There were over 300 people at her viewing and funeral. We live in a very small town. What a tribute to a small angel that had only lived 9 1/2 years. How proud I was that she was my daughter. She had touched so many people.
My son now has asthma. Am I scared that he may have a sudden allergic reaction to "an unknown substance"? You bet I am. However, life goes on and we must act a "normal" as possible. He has had 2 hospitalizations in the past year and I really do not know how I have managed to get through them.
I am very angry. I direct most of my anger at God. I lost both of my parents by age 16. All my grandparents are gone and it is only me and my 2 brothers and my husband and his large family. I never in a million years thought that I would lose my daughter. Death has not mercy. It comes out of the blue sometimes and plucks the flowers right in their prime and we as parents are left to pick up the pieces.
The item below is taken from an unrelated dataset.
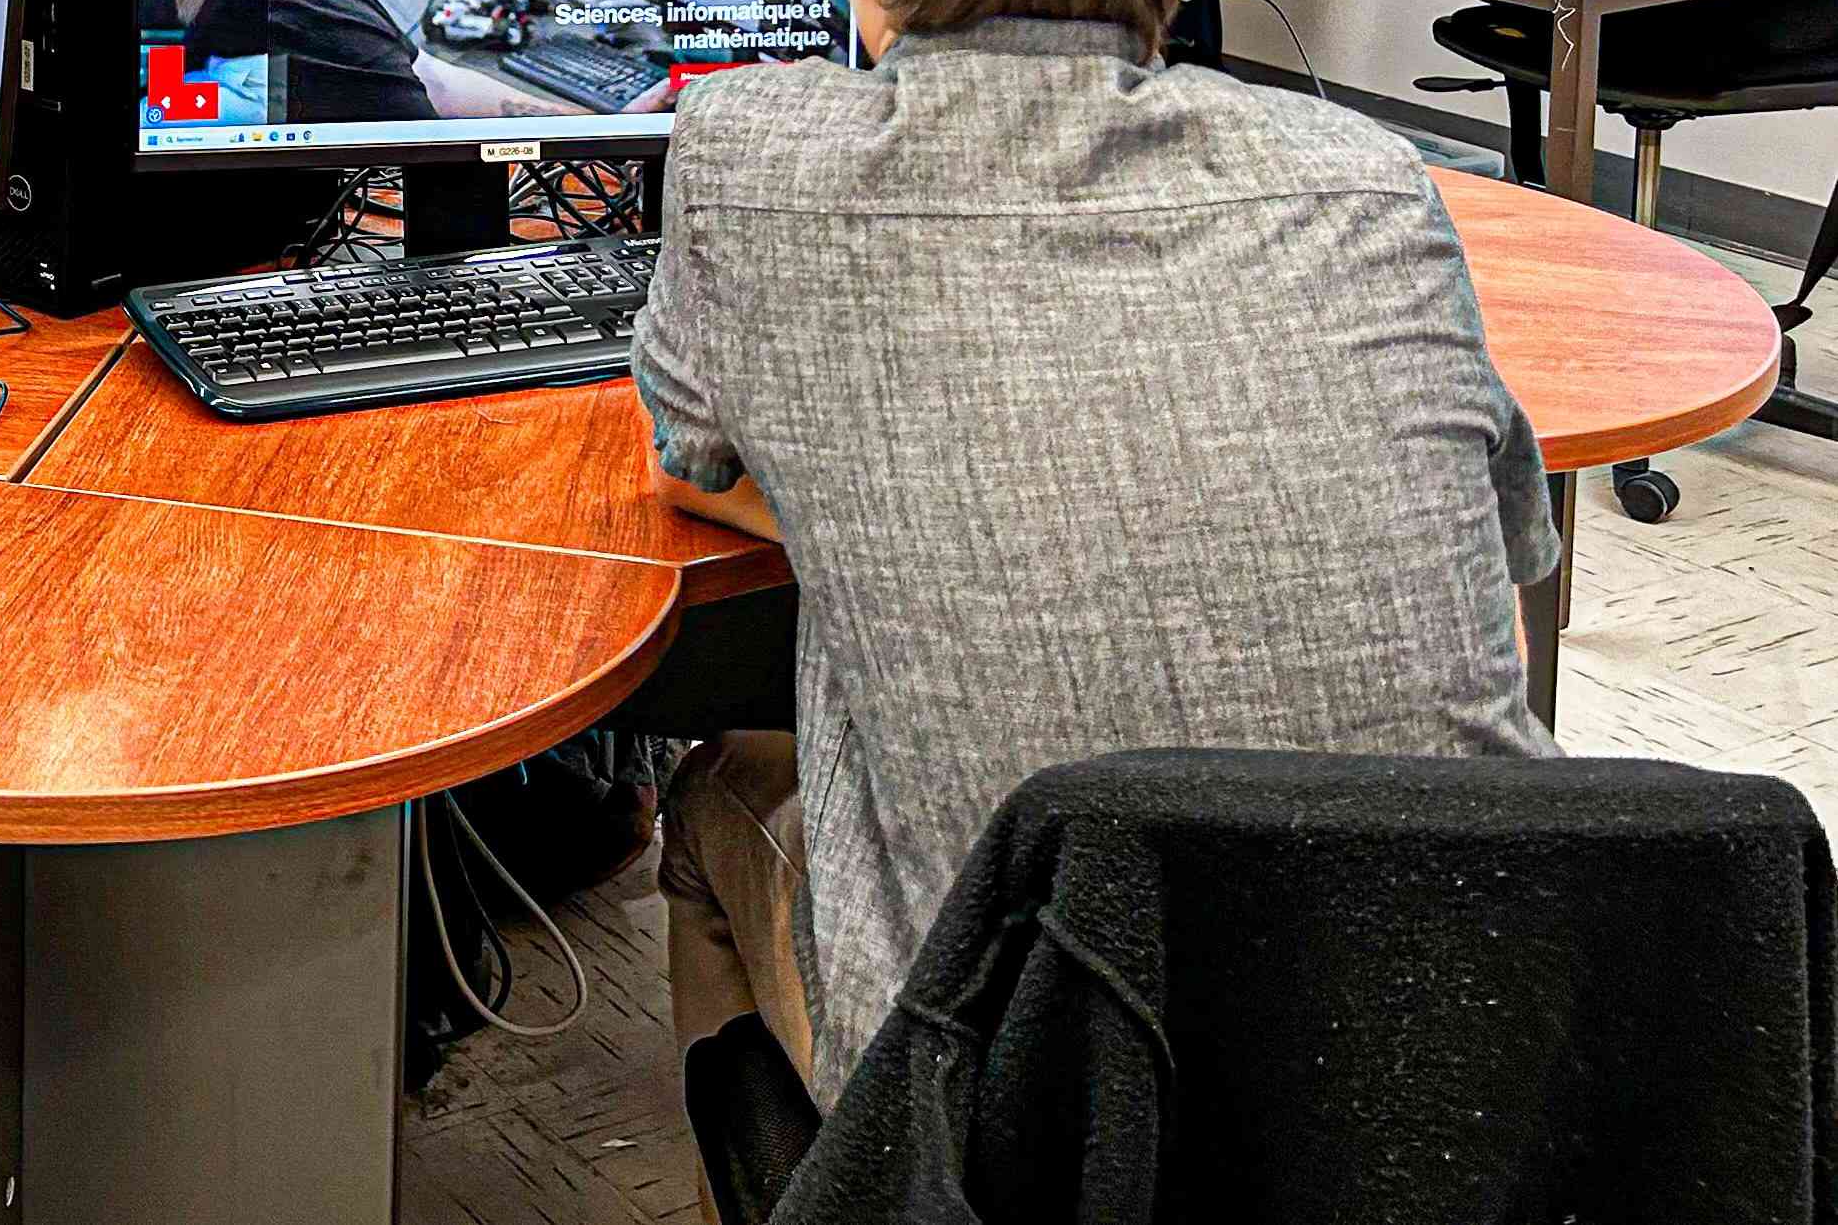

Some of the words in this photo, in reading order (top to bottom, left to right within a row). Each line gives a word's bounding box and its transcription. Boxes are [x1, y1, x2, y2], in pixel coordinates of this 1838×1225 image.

Organ donation did help. Just knowing 5 people are now living that would not have and that if she had to die let other live, at least makes some of it a little bearable.
Life will go on for me, my husband and my son. I have 2 stepchildren who are also deeply affected by this death. Our families have gotten closer to each other and the petty bickering has stopped in my husband's family. I appreciate every day that I have with my son and my family more and more. I am much more careful at being tolerant with my son and with others. I try to be slow to anger and more laid back. I have many regrets of things I wish I had done, said or did not say or do. But, I know that my angel is in heaven and will be there to bring me across, just like my mom did for her. Does this make me feel any better? NO! I should be the one raising her! Not God or my mother.
I will go on with life, but I have learned to say "No, I cannot do that" and I devote a lot more of my time to my family. Some day we will all know the answers to why?, but by that time, we won't care, because we will all be in God's Light and our questions will seem very insignificant. I wait impatiently for my day. I have no desire to speed my day of reunion with my daughter along, but I do so truly miss her.
Children are a gift from God, and if we think about it, he does not give us any guarantees of how long we will have them. They are his, and when they are ready to come back to Him, they will go, no matter what we on earth want.
I love her, I honor her, and I mourn her every day. God bless you, Leslie Helena Ammerman, 9/27/87 to 8/25/97.